Understanding How Autistic People Experience Grief

Living with autism can make one’s experience of grief both more intense and less easily understood
A woman experiencing grief holds a handful of carnations.

Credit: Arina Krasnikova

Most people believe that there are five stages of grief: denial, anger, bargaining, depression and acceptance. Yet autistic people experience grief very differently.  Because of the sensory overload and communication challenges that those with autism experience, they often face additional barriers to grief support such as autistic meltdowns and tangled mental processes.

While grief and loss are commonly disruptive, autistic people who rely on sameness and routine can be affected in a more dramatic fashion. Writing in Psychology Today, author Hari Srinivasan noted that rather than following a rational trajectory, autistic grief is a “tangled bundle of trauma, isolation, depression and sadness” that can erupt at any time and cause daily disturbances.

Because of a lack of understanding and knowledge, neurodiverse people often don’t receive the kind of support they need during times of loss. Additionally, it is not uncommon for those with Asperger syndrome and high functioning autism to have other psychiatric co-morbidities such as depression and anxiety — complicating things still further.

Ways to Support Those With Autistic Grief

A woman lays on a chair, experiencing autistic grief.

Credit: Karolina Grabowska

Fortunately, there are some resources available.

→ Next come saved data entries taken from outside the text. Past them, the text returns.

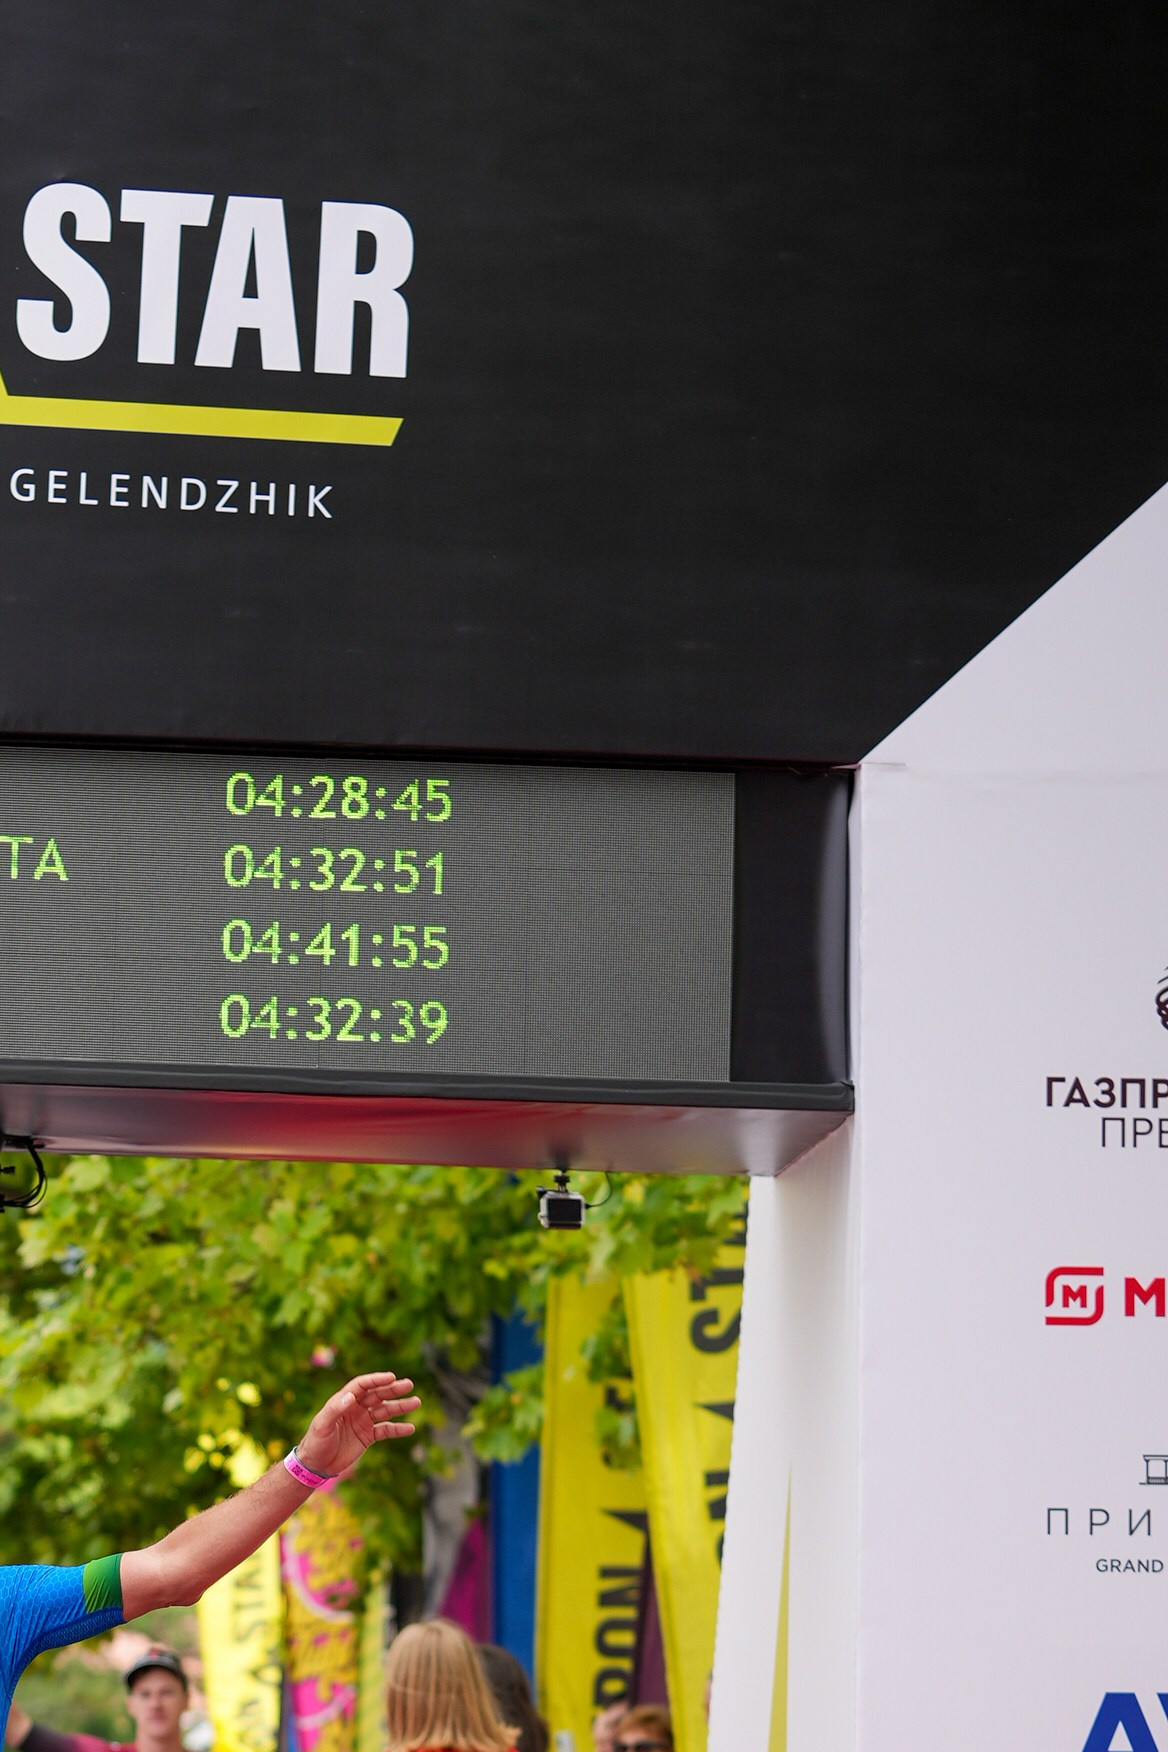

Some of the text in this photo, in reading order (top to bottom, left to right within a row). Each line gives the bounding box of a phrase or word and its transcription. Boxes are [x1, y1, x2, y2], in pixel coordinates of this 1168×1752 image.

[16, 182, 414, 378] STAR
[10, 468, 334, 519] GELENDZHIK
[225, 772, 453, 822] 04:28:45
[223, 843, 445, 895] 04:32:51
[221, 917, 450, 969] 04:41:55
[218, 992, 449, 1044] 04:32:39
[1047, 1507, 1151, 1537] ПРИ
[1095, 1558, 1164, 1573] GRAND

The Autism & Grief Project offers ways to support and validate the grief of autistic adults – for those individuals themselves, as well as for family members, friends and support people. When delivering the news of a death, for example, the site advises some approaches common to informing neurotypical people – such as using the word “death” rather than a euphemism. However, it warns that autistic people may react differently, possibly by remaining calm while experiencing an intense reaction underneath; by withdrawing; or by ignoring the information.

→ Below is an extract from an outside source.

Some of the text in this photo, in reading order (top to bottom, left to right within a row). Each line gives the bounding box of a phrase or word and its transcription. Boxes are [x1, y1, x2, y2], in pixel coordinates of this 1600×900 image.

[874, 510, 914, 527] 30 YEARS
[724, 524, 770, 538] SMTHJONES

In a video created by Exceptional Minds, an animation studio that trains and employs autistic artists, some autistic individuals share their experience with grief. Zachary Warren explains, “When my grandmother Gigi died because of Covid, it felt like Mrs. Claus died to me. Because every day when I visited her, it was like Christmas morning.” He went on to share how his emotions emerged stating, “Every night it’s like a bottle of water, or like a bottle of liquid overflowing. And once I lay down, that’s when the bottle cap just pops off and the tears come.”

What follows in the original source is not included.